Eddy Curry, the center the Suns franchise never has had, for shooting guard Joe Johnson and the Bulls' draft pick that went to the Suns in the Luol Deng trade, or Johnson and the Suns' No. 1 in 2005. Perhaps the Bulls could try to pry loose former draft pick Jake Voskuhl, who fits their style of play. Maybe the Bulls send back one of their one-year contracts from the Knicks trade like Othella Harrington or Frank Williams.

But the title-less Suns get a legitimate center. And the Bulls get a piece that fits their team and finally accept Curry will never be in their plans the way general manager John Paxson and coach Scott Skiles are shaping the team.*


----------



## Amareca (Oct 21, 2002)

Perfect for the Bulls indeed.

I wouldn't trade JJ straight up for Curry, much less throw in a likely top 7 pick.


----------



## Philo (Feb 13, 2003)

I think you will change your tune when Curry drops 30 on the Suns tonight!


----------



## Clayton_Bigsby (Jan 30, 2004)

Johnson for Curry straight up? HELL NO

Now if we could get him for Casey and Zarko I'd do that deal.


----------



## Arclite (Nov 2, 2002)

Sam Smith sucks. End of story.


----------



## MJG (Jun 29, 2003)

I second what everyone else is saying. Not a very good deal for Phoenix, and that's without the pick included.


----------



## Philo (Feb 13, 2003)

The new and improved Curry is gonna make you haters pay!


----------



## arenas809 (Feb 13, 2003)

When Curry leads the Bulls to some wins, then the talk can start...

That won't start tonight.


----------



## Philo (Feb 13, 2003)

Friendly wager???

Bulls take the Suns tonight, and Curry dominates Amare.


----------



## Arclite (Nov 2, 2002)

> Originally posted by <b>Philo</b>!
> Friendly wager???
> 
> Bulls take the Suns tonight, and Curry dominates Amare.

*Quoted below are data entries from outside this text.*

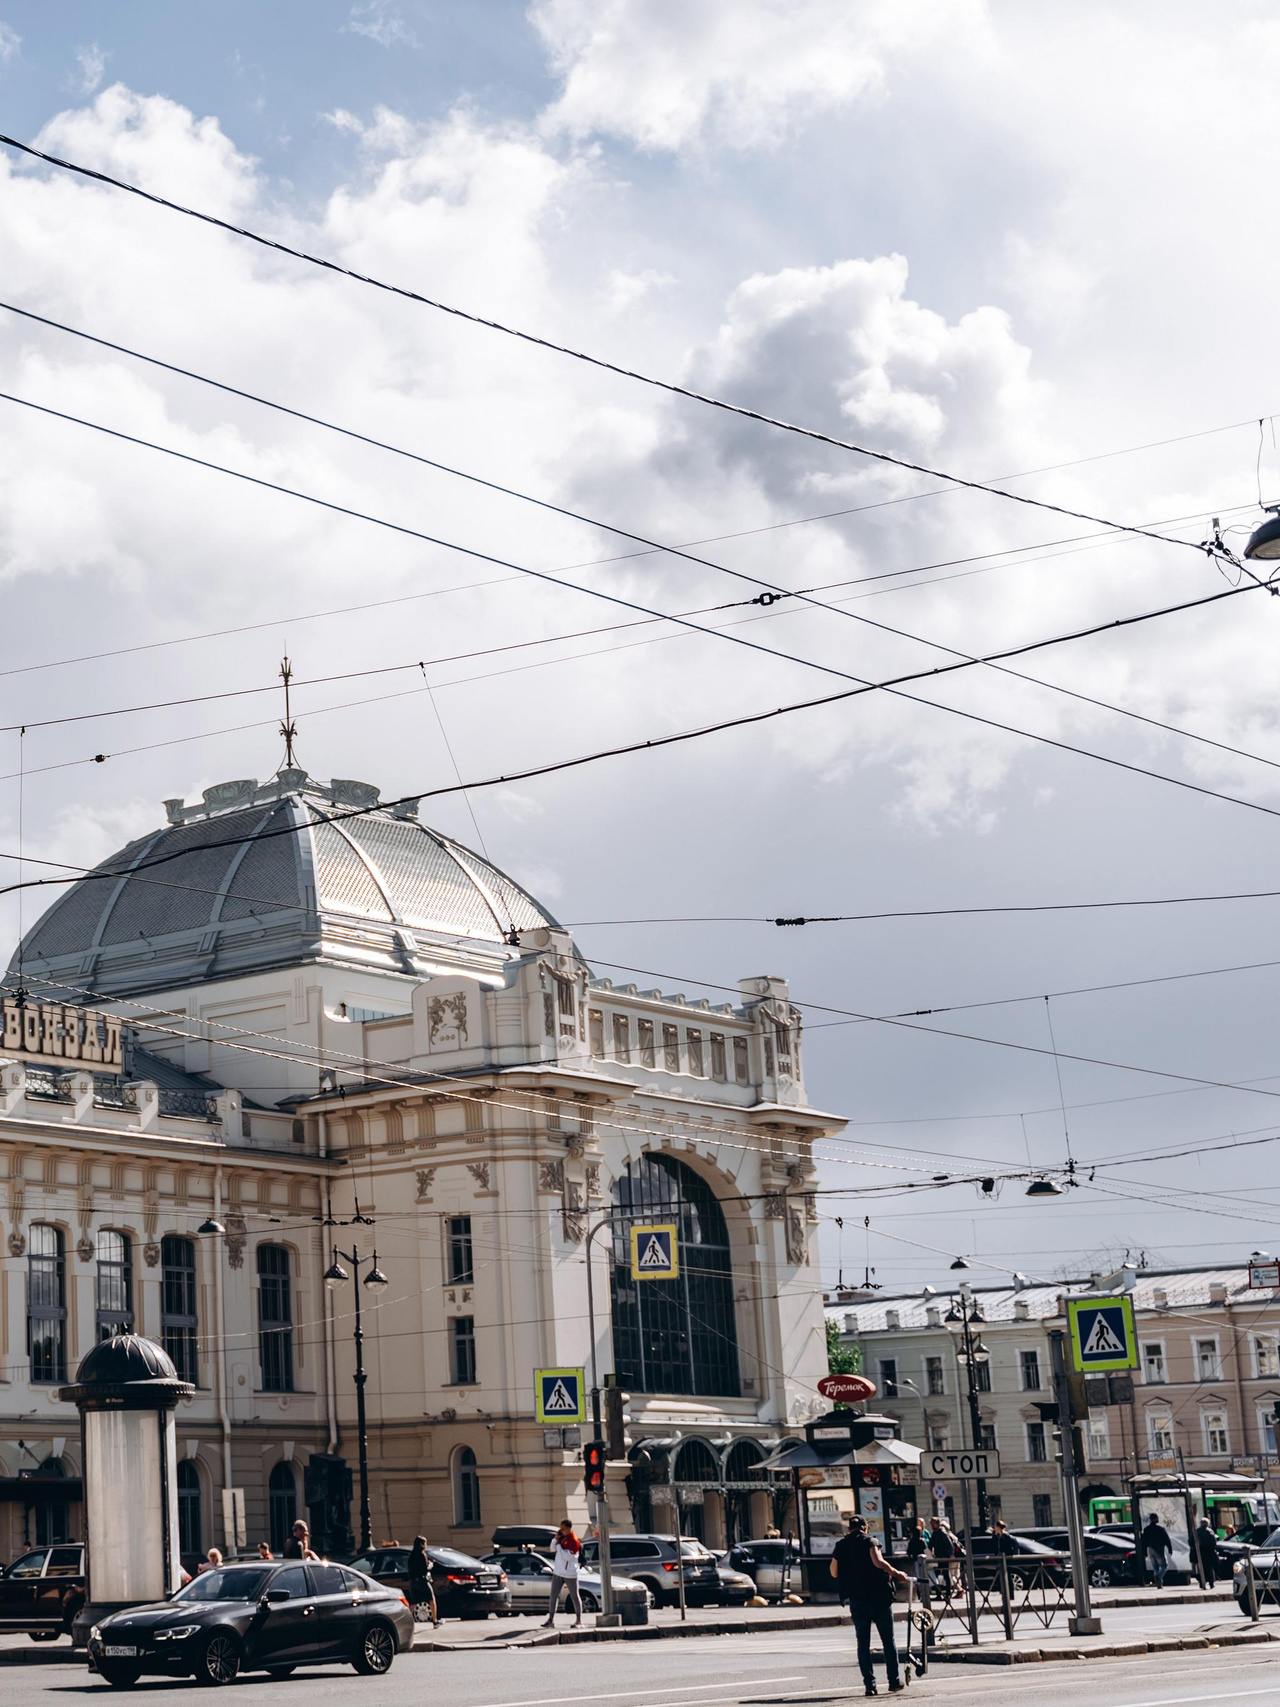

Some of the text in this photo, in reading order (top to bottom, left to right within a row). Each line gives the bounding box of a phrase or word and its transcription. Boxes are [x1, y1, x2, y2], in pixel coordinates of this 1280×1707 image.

[2, 996, 123, 1065] ВОКЗАЛ
[824, 1381, 865, 1397] Теремок
[820, 1429, 845, 1437] Теремок
[931, 1454, 989, 1475] СТОП
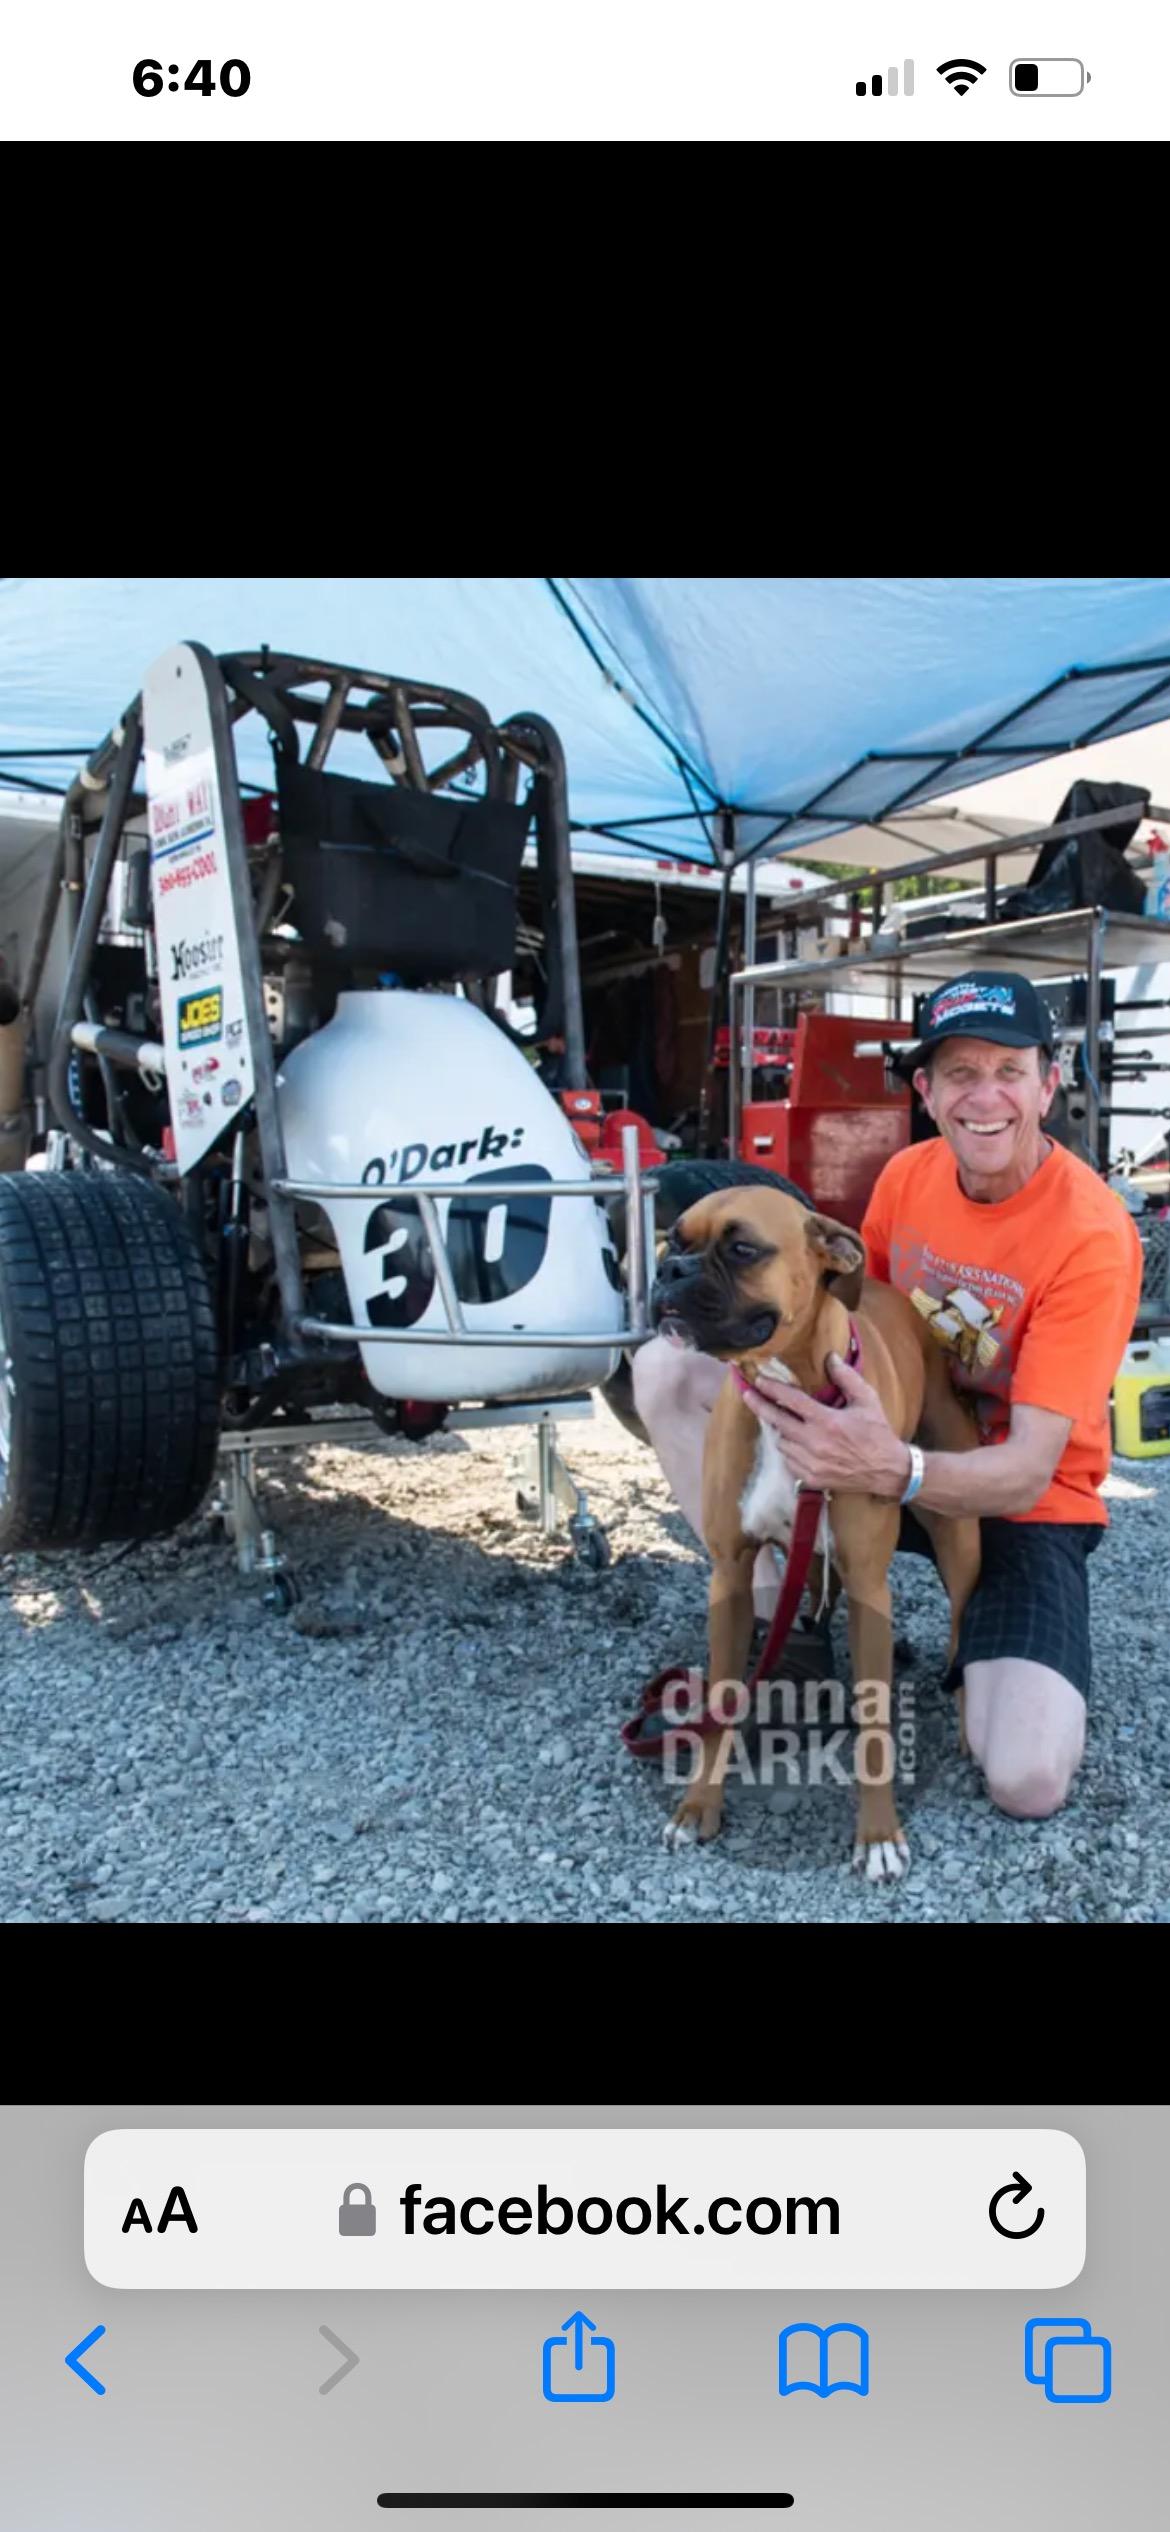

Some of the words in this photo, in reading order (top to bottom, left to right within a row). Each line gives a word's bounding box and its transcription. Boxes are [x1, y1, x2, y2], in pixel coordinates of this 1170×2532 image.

[133, 59, 250, 97] 6:40
[181, 993, 221, 1031] JOES
[363, 1163, 553, 1329] 30
[400, 2184, 839, 2235] facebook.com

The only thing Curry is going to be dominating is the post-game all you can eat buffet. The Suns will have scored before Curry gets across the half-court line half the time.


----------



## RedStripe27 (Apr 20, 2004)

Curry is a lazy piece of crap. If he is soooo good then why is Chicago desparately trying to trade him?


----------



## Amareca (Oct 21, 2002)

Curry just got POSTERIZED by Amare.


----------



## Clayton_Bigsby (Jan 30, 2004)

> Originally posted by <b>Philo</b>!
> Friendly wager???
> 
> Bulls take the Suns tonight, and Curry dominates Amare.


You were close

Tonight 

Suns 94 Bulls 74

Amare
26 Points
15 Rebounds

Curry
3 Points
6 Rebounds


----------



## runbmg (May 25, 2002)

> Originally posted by <b>Clayton_Bigsby</b>!
> 
> 
> You were close
> ...


:laugh:


----------



## arenas809 (Feb 13, 2003)

> Originally posted by <b>Philo</b>!
> Friendly wager???
> 
> Bulls take the Suns tonight, and Curry dominates Amare.


lolololol...

Insert whammy noise.


----------